With plenty of legends to honour, paying tribute to one is a sensible thing to do in the first few months of owning Newcastle. The fans would react well too: it's exactly the kind of thing Ashley tried when he first bought the club, donned the stripey scarf and drank beer with the fans.
The introduction of a figurehead
One of the biggest issues with the Mike Ashley regime - and there are many - was the lack of transparency over what was going on. Directors of Football came and went, Joe Kinnear called his midfielder “Yoann Kebab” and talk rumbled on about close friends of Ashley helping out with contracts, despite not having official roles.
This isn’t the way top clubs are run. Most owners at elite clubs choose to remain private but install a very public figurehead to answer to the baying mob. This is the role of Txiki Begiristain at Manchester City, Nasser Al-Khelaifi at Paris Saint-Germain and even Florentino Perez at Real Madrid.
Whether Newcastle call it a “sporting director”, “chief exec” or something else, there will most likely be a new name introduced to fans in the boardroom of this ilk.
New big money sponsor
Magpies fans have not been impressed with kit sponsors over the last few years. There was Wonga, the famously vulture-esque payday loan company, which fans felt was insulting to associate with poorer fans. Now Newcastle are onto Fun88, a betting company that the club were fined for placing on youth team players’ shirts.
Both Fun88 and the kit manufacturer Puma are coming to the end of their Newcastle contracts.

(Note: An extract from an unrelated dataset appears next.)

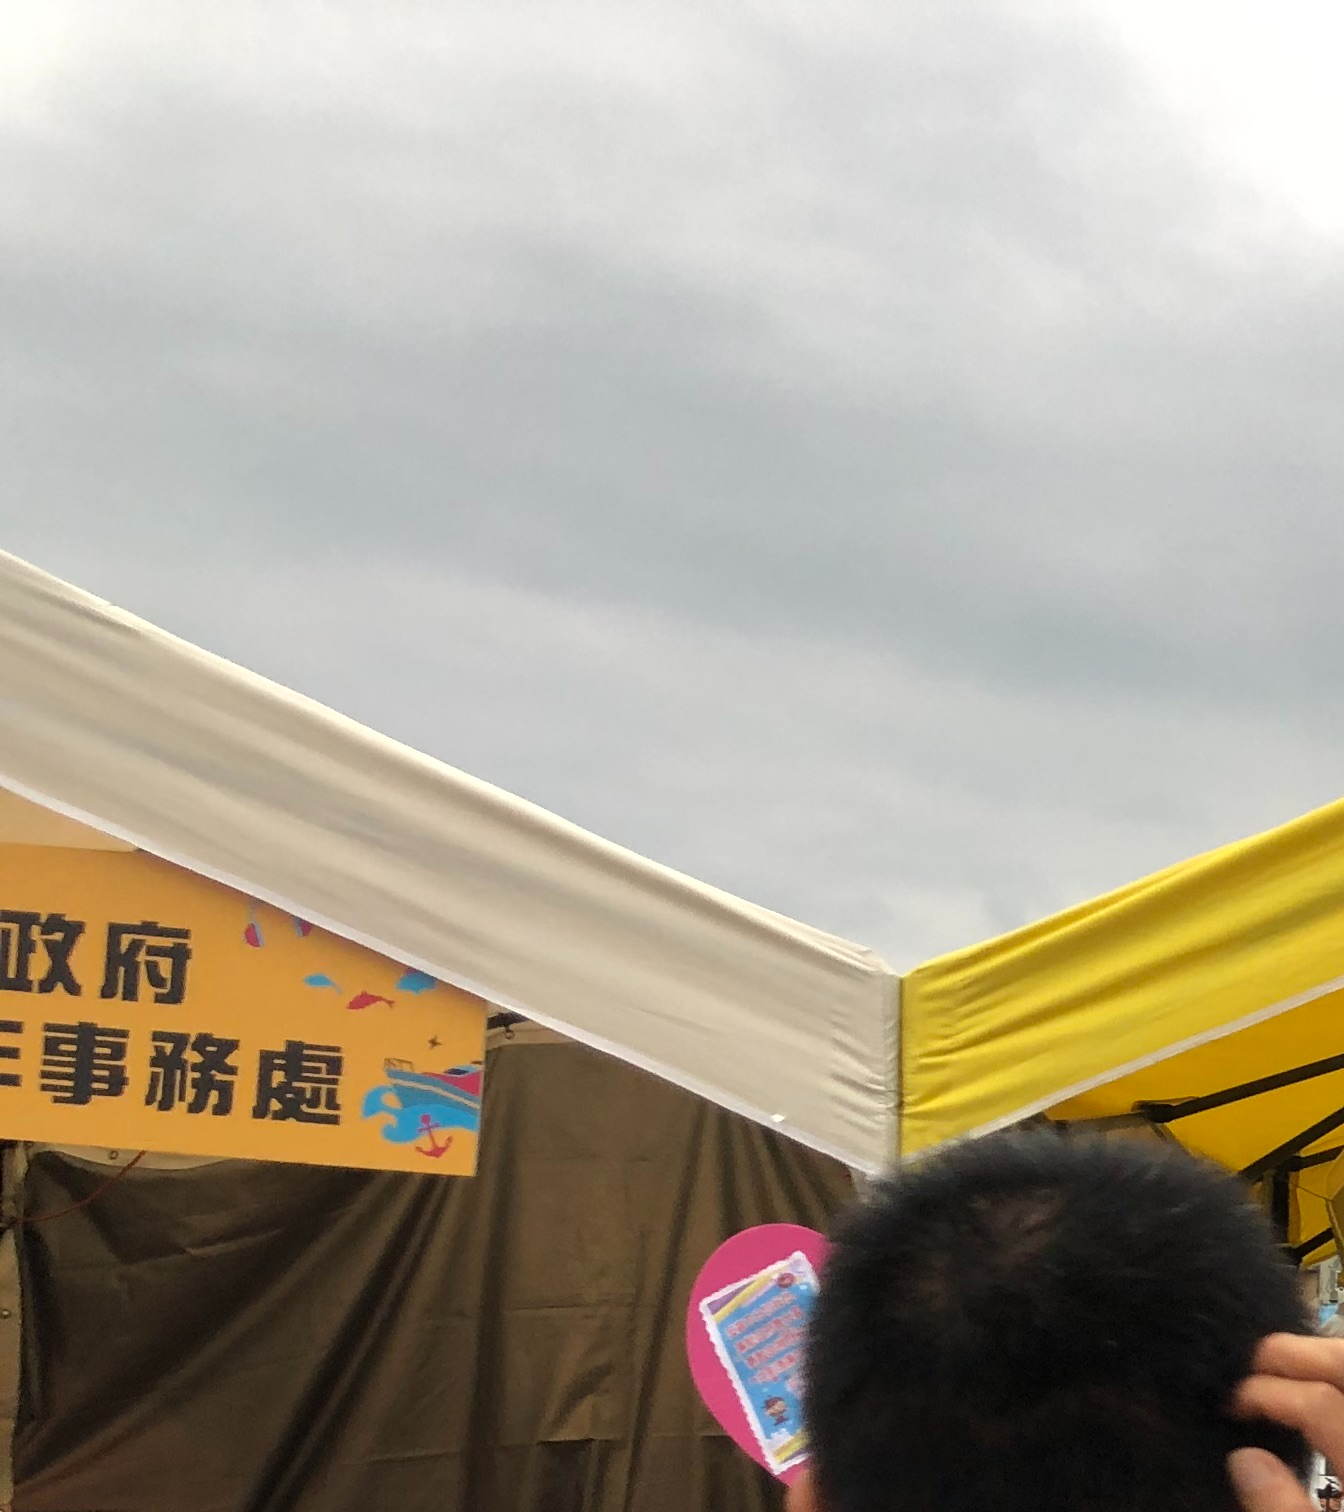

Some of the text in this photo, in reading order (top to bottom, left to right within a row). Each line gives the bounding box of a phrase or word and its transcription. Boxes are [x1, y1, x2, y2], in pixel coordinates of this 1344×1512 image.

[0, 909, 192, 1005] 政府
[0, 1018, 345, 1127] 事務處

It’s certainly not a stretch to imagine that the Toon Army are set to feature a Middle Eastern airline on their kits soon, but perhaps the new owners could look to land another big shirt deal.
Change of manager
All things assumed, Newcastle United are heading into a bold new direction. The fans hope they're set to become a permanently top-half Premier League side, at the very least, with an ethos centred around playing attractive football. Will the Saudi royal family’s vision for beautiful football be led by... Steve Bruce?
Like Mark Hughes at City and Claudio Ranieri at Chelsea, this could be a project that is too big for the incumbent manager: papers have already started linking the out-of-work Mauricio Pochettino with the job, and given his ability to build projects like the one he did at Tottenham Hotspur, that would make a lot of sense.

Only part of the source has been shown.